Kagyu Monlam Pavilion,
14 December 2023
༄༅། །བཀའ་བརྒྱུད་དགུན་ཆོས་ཆེན་མོ་ཐེངས་ ༢༤ པའི་ཉིན་གཉིས་པ།
ཕར་ཕྱིན་དང་ཚད་མའི་སྡེ་ཚན་ཁག་གི་རྩོད་པའི་འགྲན་སྡུར་དབུ་འཛུགས་ཡོད།
འགྲན་རྩོད་པ་རྣམས་དགོན་སྡེ་ཁག་མཉམ་འདྲེས་དང་གཟུ་དཔང་བ་རྣམས་སྔར་བཞིན་གདན་ས་ཁག་གི་མཁན་སློབ་རྣམས་ཡིན།
དགོང་མོ་རྩོད་ཟླ་དང་བཅས་ཉིན་འདིའི་མཛད་རིམ་ལེགས་པར་གྲུབ།
On the second day of the 24th annual Kagyu Gunchoe, the inter-section debating contest began. In previous years, the competition was organised between the monastic shedras, but this practice was overhauled last year and nowadays the contest is between groups compiled of monks on the same level from different shedras.
There are around one thousand three hundred monks here this year, representing twelve monastic institutes: Rumtek Shedra Karma Śrī Nālandā, Palpung Shedra Lungrig Jampel Ling, Rigpe Dorje Tsug Lag Lobnyer Khang, Sönada Rangjung Künkhyab Thorim Lobnyer Khang, Zurmang Shedra Lungtok Norbü Gatshel, Thrangu Shedra Vajra Vidyā, Tergar Shedra Ösel Ling, Karma Lekshe Ling Shedra, Nyide Shedra Lungtok Chökyi Gatshel, Gyendruk Khepe Densa Pel Nālandā, Bokar Shedra Öbar Chime Ling and Benchen Shedra Nangten Thösam Ling.
During the day, the monks practise debate individually and in smaller groups in the Kagyu Monlam Pavilion, supervised by the khenpos. Then, in the evening, there is the grand debate where competing teams debate in front of a panel of judges — khenpos from the shedras selected by the shedras— and the assembly of monks. The day concludes with more individual and small group debates.
The debates focus on topics in the monastic curriculum and reflect the level of the students, from beginners in the shedra through the different stages to those who are soon to graduate. The contestants in today’s grand debate were from Pharchin (Prajnaparamita ) and Tsema (Validity).

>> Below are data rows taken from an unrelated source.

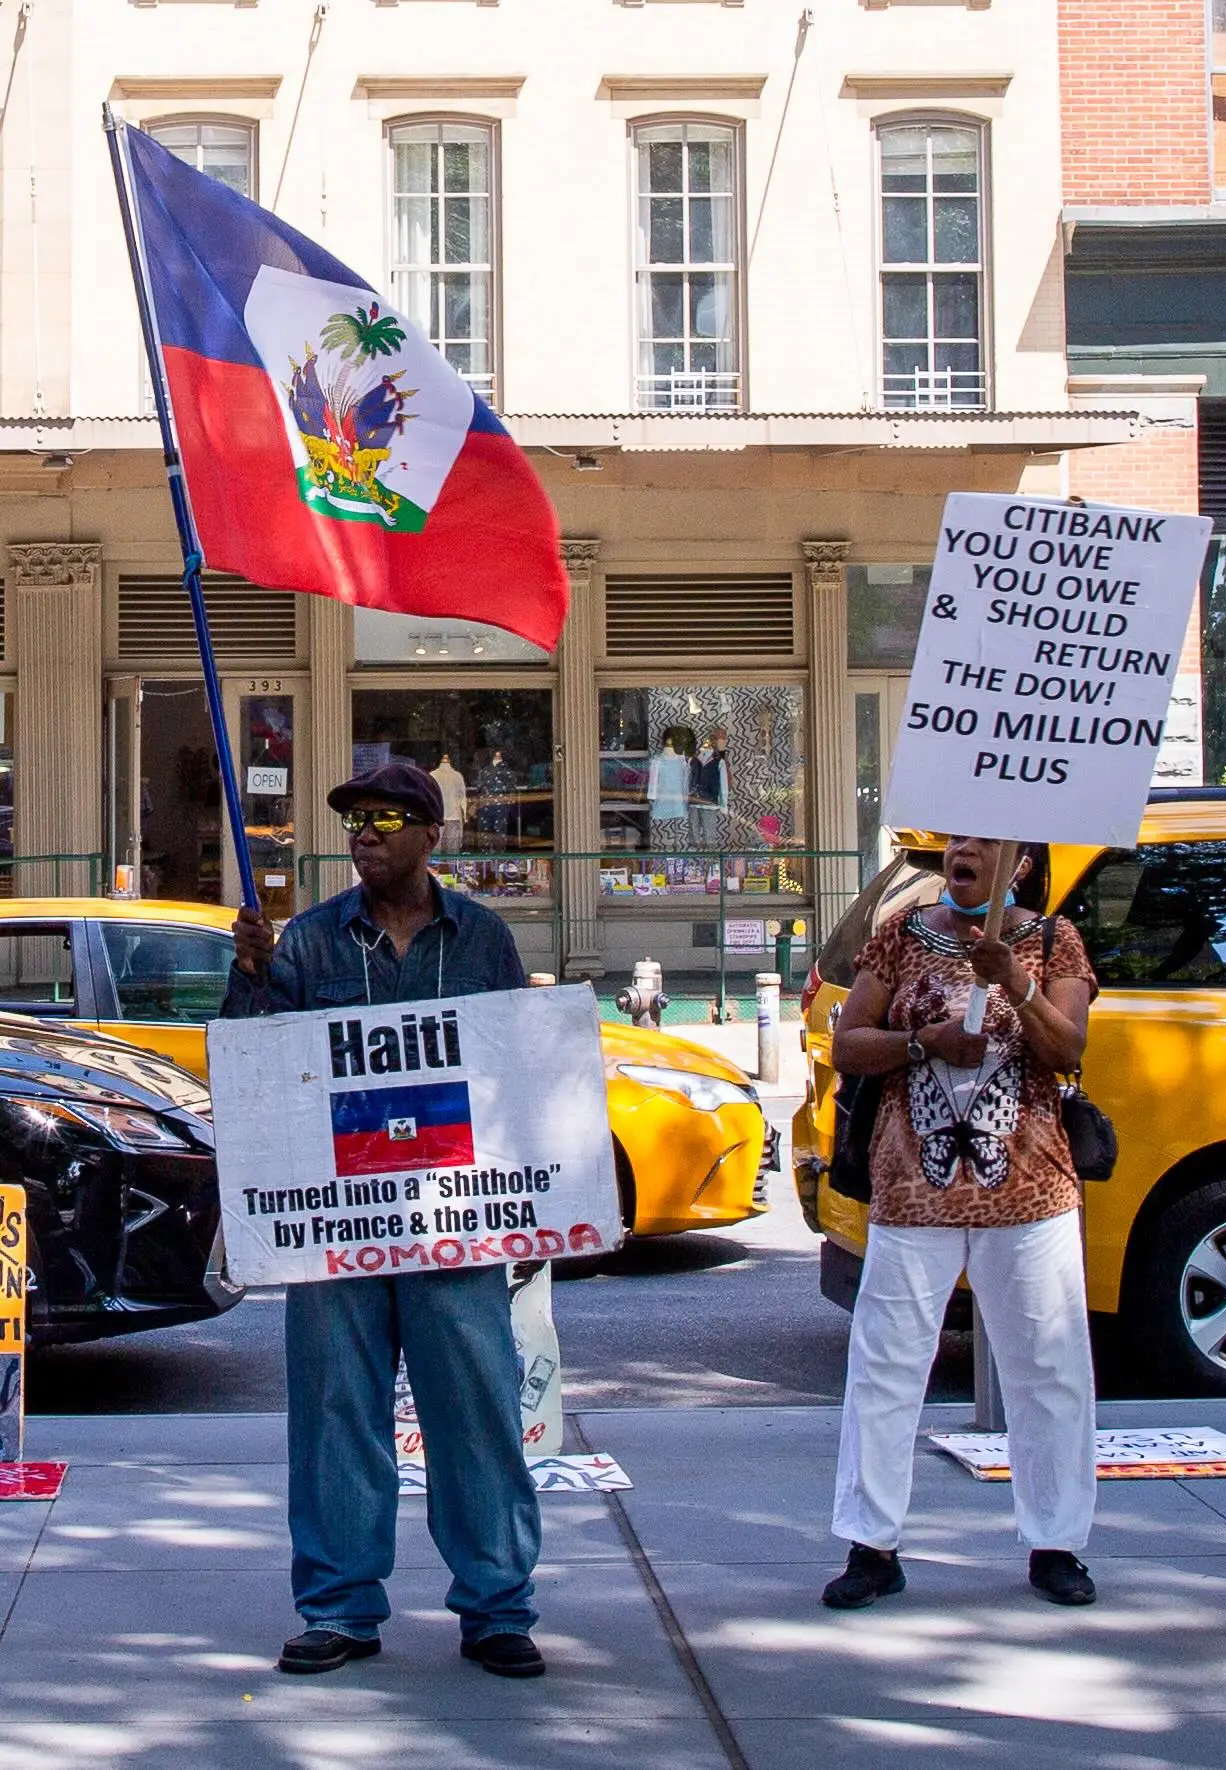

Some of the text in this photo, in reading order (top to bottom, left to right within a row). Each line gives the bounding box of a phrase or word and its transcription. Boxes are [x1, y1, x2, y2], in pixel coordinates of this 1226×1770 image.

[1004, 505, 1167, 544] CITIBANK
[944, 528, 1113, 571] YOU OWE
[973, 564, 1140, 606] YOU OWE
[932, 594, 1128, 638] & SHOULD
[1034, 641, 1171, 677] RETURN
[249, 680, 282, 692] 393
[942, 660, 1116, 706] THE DOW!
[906, 703, 1166, 747] 500 MILLION
[252, 773, 283, 789] OPEN
[973, 751, 1069, 785] PLUS
[327, 1009, 463, 1080] Haiti
[243, 1186, 340, 1216] Turned
[344, 1179, 397, 1207] into
[403, 1183, 421, 1203] a
[274, 1201, 537, 1249] by France & the USA
[326, 1223, 603, 1276] KOMOKODA

In preparation for the debates, the monks study specially prepared textbooks which cover the topic. Apart from debate practice, the day is divided into sessions for private study, memorisation of the texts, and instruction on the texts. It’s a long, packed day: the monks get up at 5.30am and go to bed at 10.30pm.